The Crossed vs. Nested Study Design
A crossed Gage R&R study, where every operator measures every part, is the standard approach when all operators have access to all parts. This is the correct design for most production gauges used on discrete parts. A nested design is used when destructive testing is required, meaning the part cannot be re-measured after the first measurement. Tensile testing and surface finish measurements on soft substrates are common nested study applications.
In practice, the crossed study with 3 operators, 10 parts, and 2 replications provides the statistical power required by AIAG guidelines. Deviating from this sample structure by using fewer parts or fewer replications reduces the precision of your variance estimates, and customers reviewing your PPAP will notice.

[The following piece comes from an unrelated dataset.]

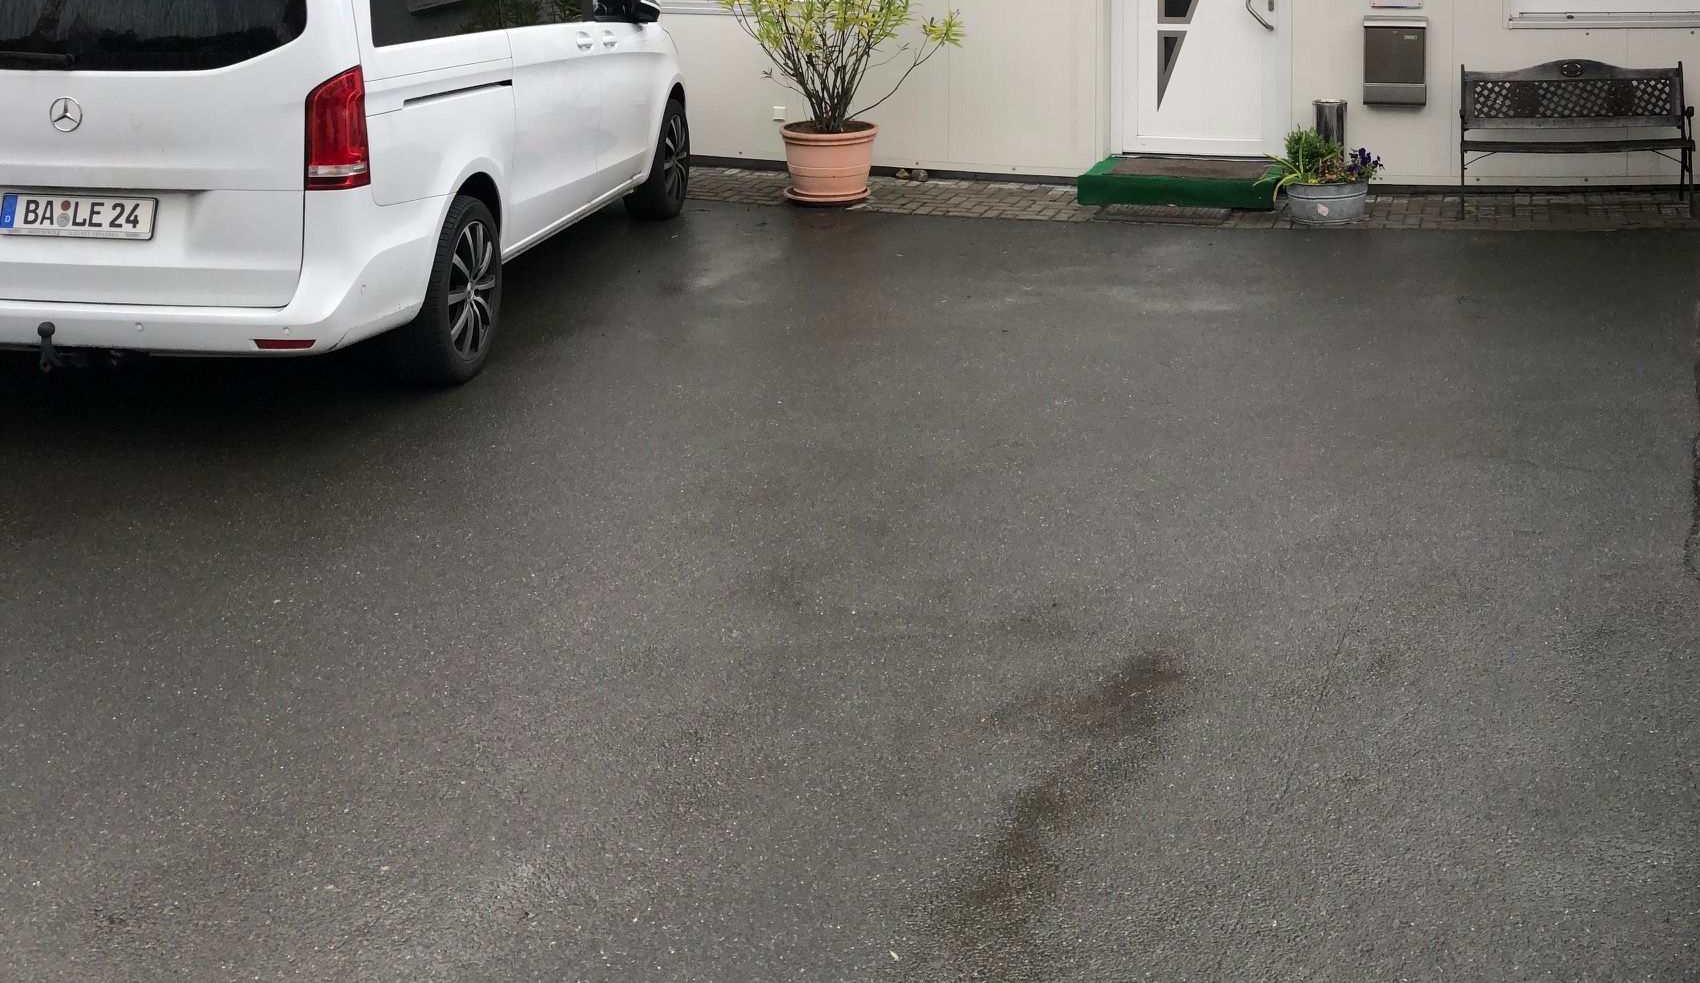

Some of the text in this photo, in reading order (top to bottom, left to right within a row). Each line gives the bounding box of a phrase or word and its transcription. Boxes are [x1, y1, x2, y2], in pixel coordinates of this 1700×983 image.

[23, 199, 140, 229] BA LE 24
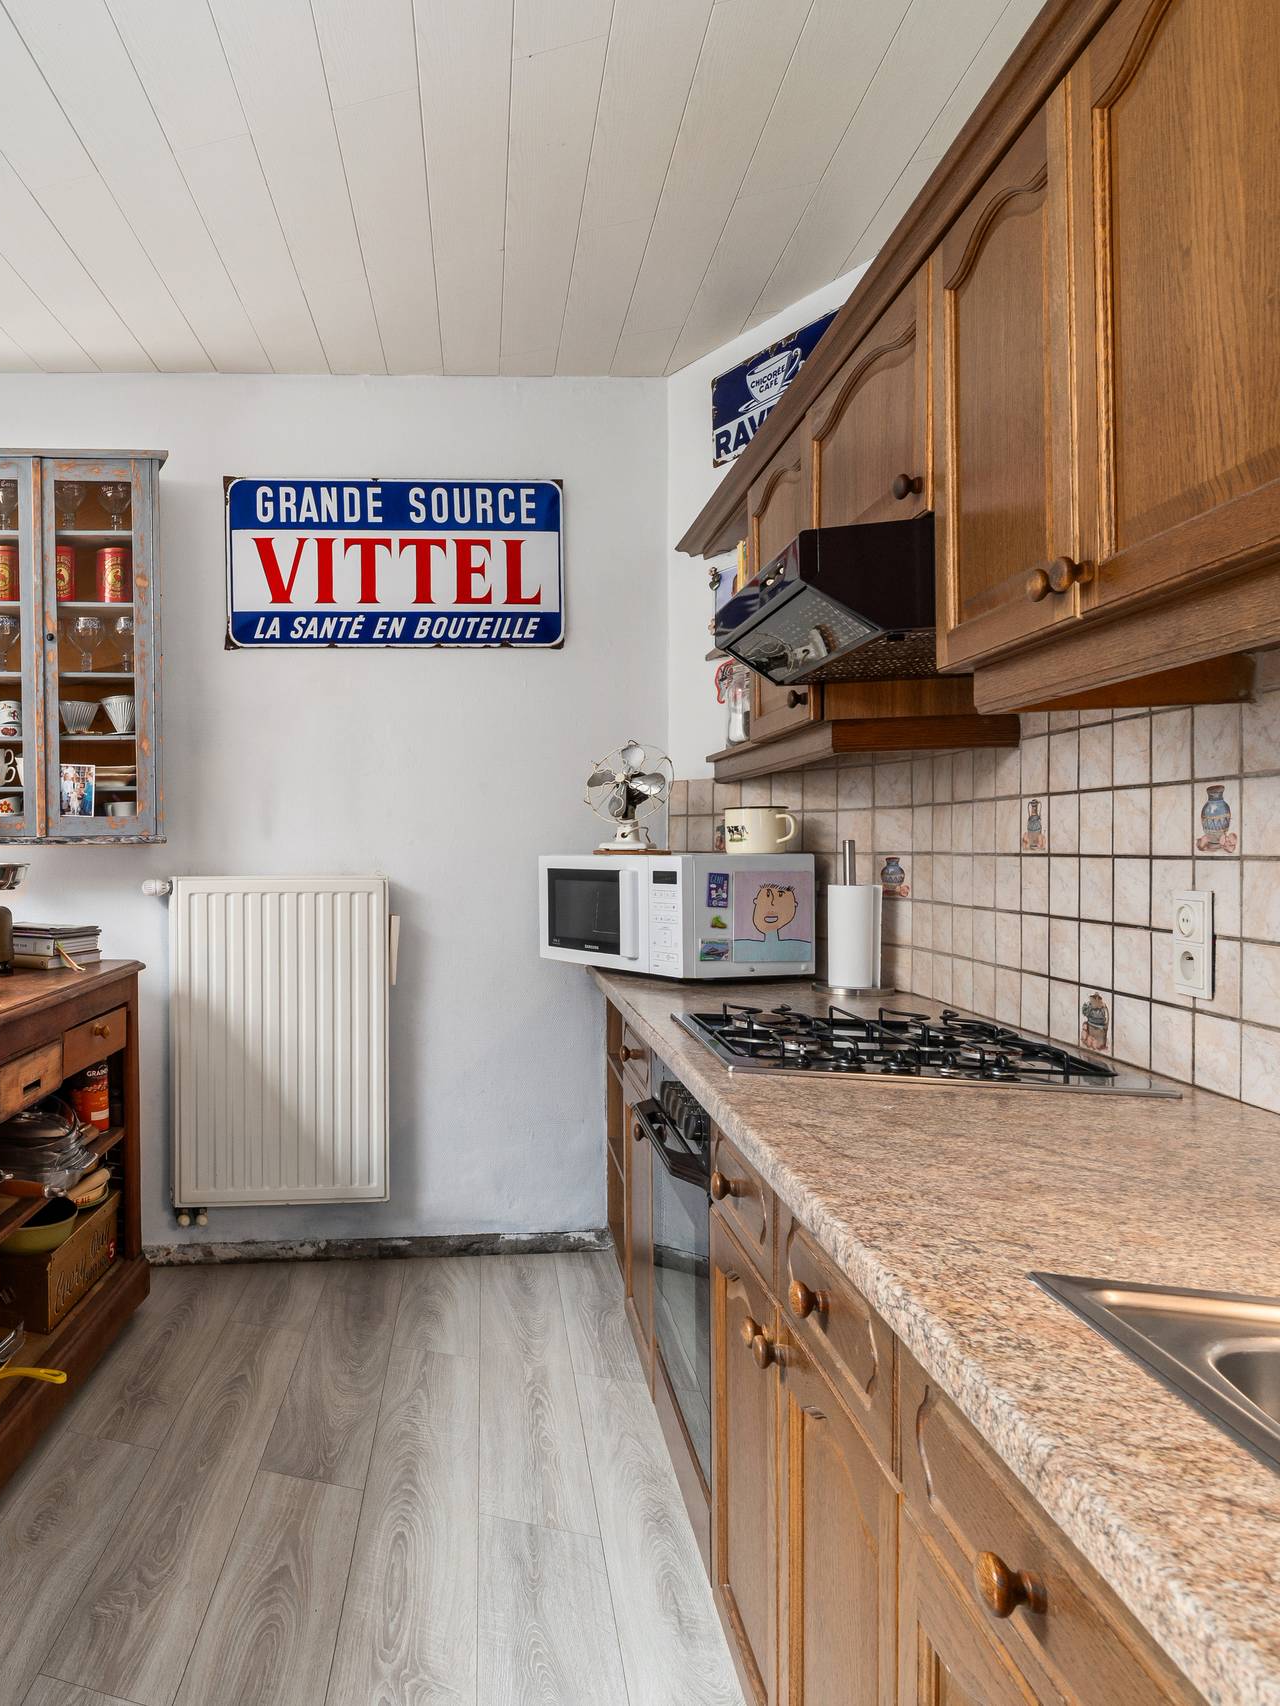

Pro tip: Select parts for your Gage R&R study that span the full expected range of production variation, not just parts that are near nominal. If all your study parts are close to the same dimension, your ndc value will be artificially inflated and your %GRR will appear better than it actually is in production.
The Five Properties MSA Actually Measures
The AIAG MSA manual defines five statistical properties of a measurement system, and a complete MSA program evaluates all five. Most quality teams only run Gage R&R and consider their obligation fulfilled. That approach leaves significant risk on the table, particularly for gauges used across wide measurement ranges or in environments with temperature variation.
The five properties are bias, repeatability, reproducibility, stability, and linearity. Bias is the systematic difference between the average measured value and the true reference value. Repeatability and reproducibility are captured in the Gage R&R study. Stability is the change in bias over time, evaluated by measuring a reference standard repeatedly over weeks or months. Linearity is the change in bias across the operating range of the gauge.
Linearity Studies for Wide-Range Gauges
A linearity study is particularly important for gauges that measure parts across a wide range, such as a micrometer used to measure features from 0.5 inches to 4 inches. A gauge may have acceptable bias at one end of its range and significant bias at the other. Without a linearity study, you will never catch this pattern through routine calibration checks, which typically only verify accuracy at one or two reference points.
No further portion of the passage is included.